LTO: Herr Mader, was bedeutet der Freispruch vor dem Landgericht für Ihren Mandanten, Veysel K.?

Mader: Noch ist der Freispruch nicht rechtskräftig. Die Staatsanwaltschaft hat gegen das Urteil des Landgerichts (LG) Cottbus vom 11. April 2013 (Az. 22 Ks 3/10) Revision eingelegt. Die schriftlichen Gründe liegen auch noch nicht vor. Es ist also noch zu früh für eine endgültige Bewertung des Verfahrens.

Allerdings hat schon die faire Verhandlungsführung in der Hauptverhandlung dieses Gerichts meinem Mandanten den Glauben an den deutschen Rechtsstaat zurückgegeben. Der war ihm in den 19 Verhandlungstagen 2009/2010 abhanden gekommen – und nicht nur ihm. Herr K. kann nun Hoffnung schöpfen, dass er zumindest materiell in bescheidenem Maße für den Verlust seiner wirtschaftlichen Existenz entschädigt wird.

"Das BGH-Urteil war eine schallende Ohrfeige für das Landgericht"

LTO: Dem Freispruch war vor drei Jahren ein Schuldspruch vorangegangen. Welche Auswirkungen hatte dieser?

Rechtsanwalt Jens MaderMader: Den ersten öffentlichen Schuldspruch lieferten nicht die Gerichte, sondern Bild-Zeitung und Lausitzer Rundschau. Unmittelbar nachdem die Leiche der Geliebten meines Mandanten gefunden wurde, gaben sie die Parole der "Fahndung nach dem Mörder" aus.
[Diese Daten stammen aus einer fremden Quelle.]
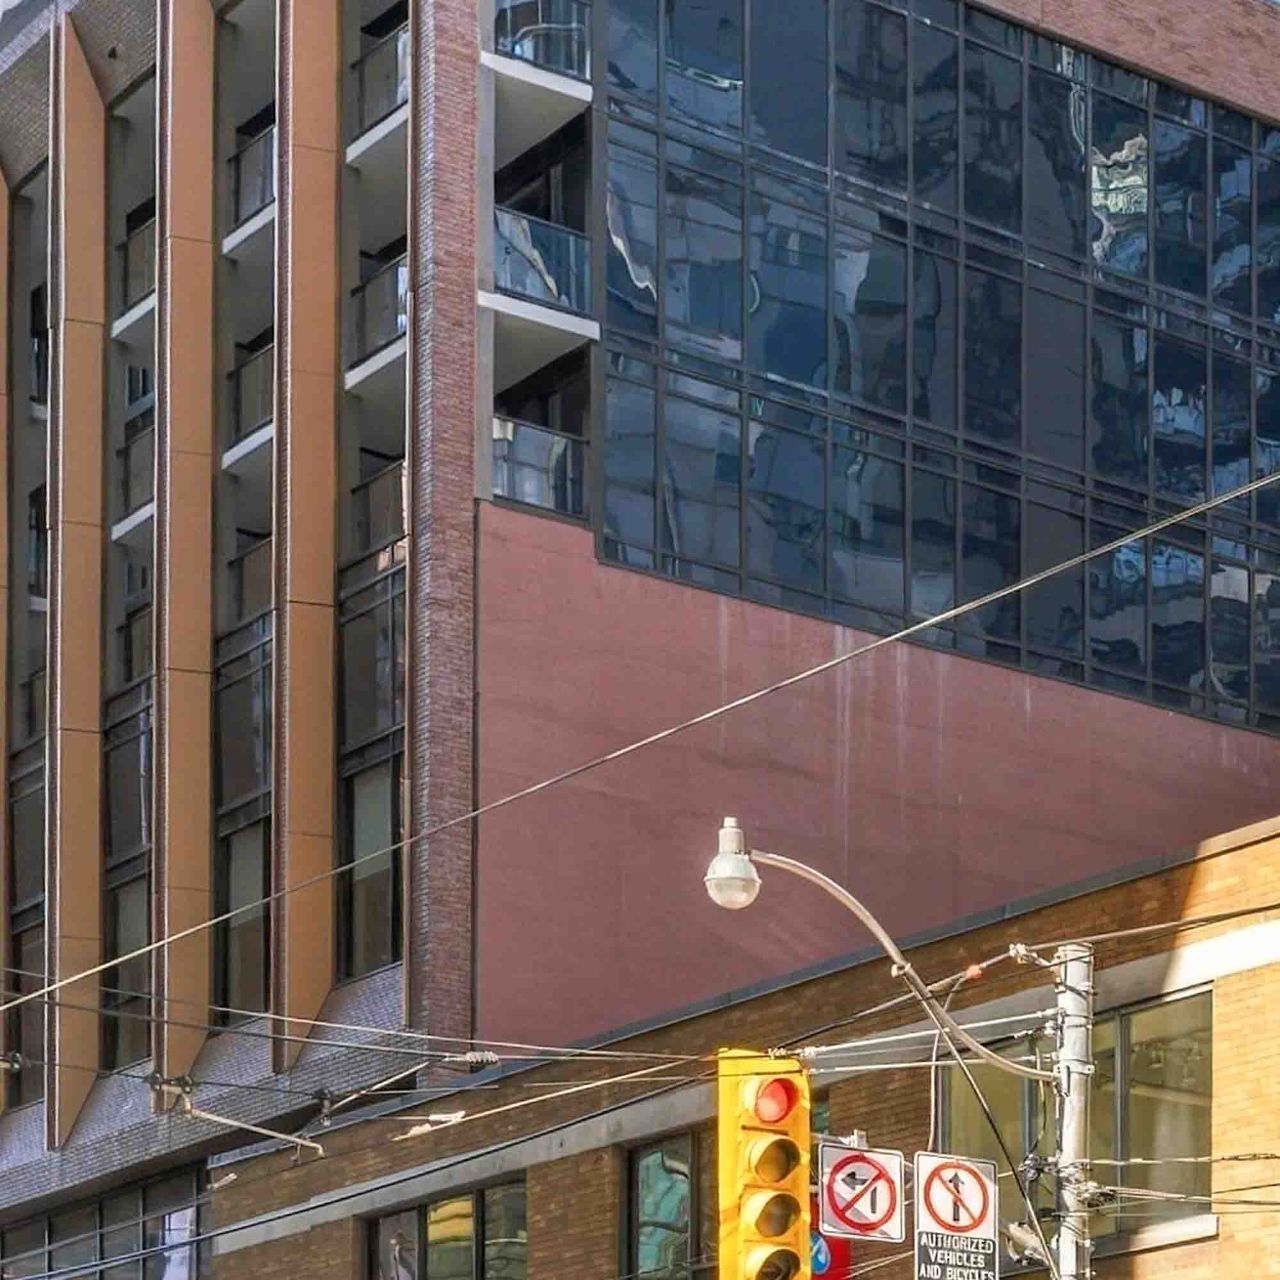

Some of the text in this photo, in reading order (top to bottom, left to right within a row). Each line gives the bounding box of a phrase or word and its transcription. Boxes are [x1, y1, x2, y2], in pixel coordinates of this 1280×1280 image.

Auch die Staatsanwaltschaft Cottbus hat sich an den Vorverurteilungen beteiligt, statt ihre ohnehin äußerst knappen Ressourcen in die Ermittlung der Todesursache zu investieren.

Dort, wo mein Mandant bis Anfang März 2009 lange Jahre arbeitete und lebte, ist seine bürgerliche Existenz von heute auf morgen zerstört worden. Nach Aufhebung des Haftbefehls Ende August 2010 musste er wieder ganz von vorn anfangen. In Deutschland war das nicht mehr möglich. Er lebt mittlerweile wieder in der Türkei.

LTO: Warum hat der BGH das erste Urteil aufgehoben?

Mader: Die Generalbundesanwaltschaft hat schon im Revisionsverfahren vor dem 5. Strafsenat in Leipzig die Aufhebung des Urteils gefordert. Dort konnte man nicht nachvollziehen, wie das Landgericht Cottbus darauf kam, dass Veysel K. seine Geliebte getötet haben soll.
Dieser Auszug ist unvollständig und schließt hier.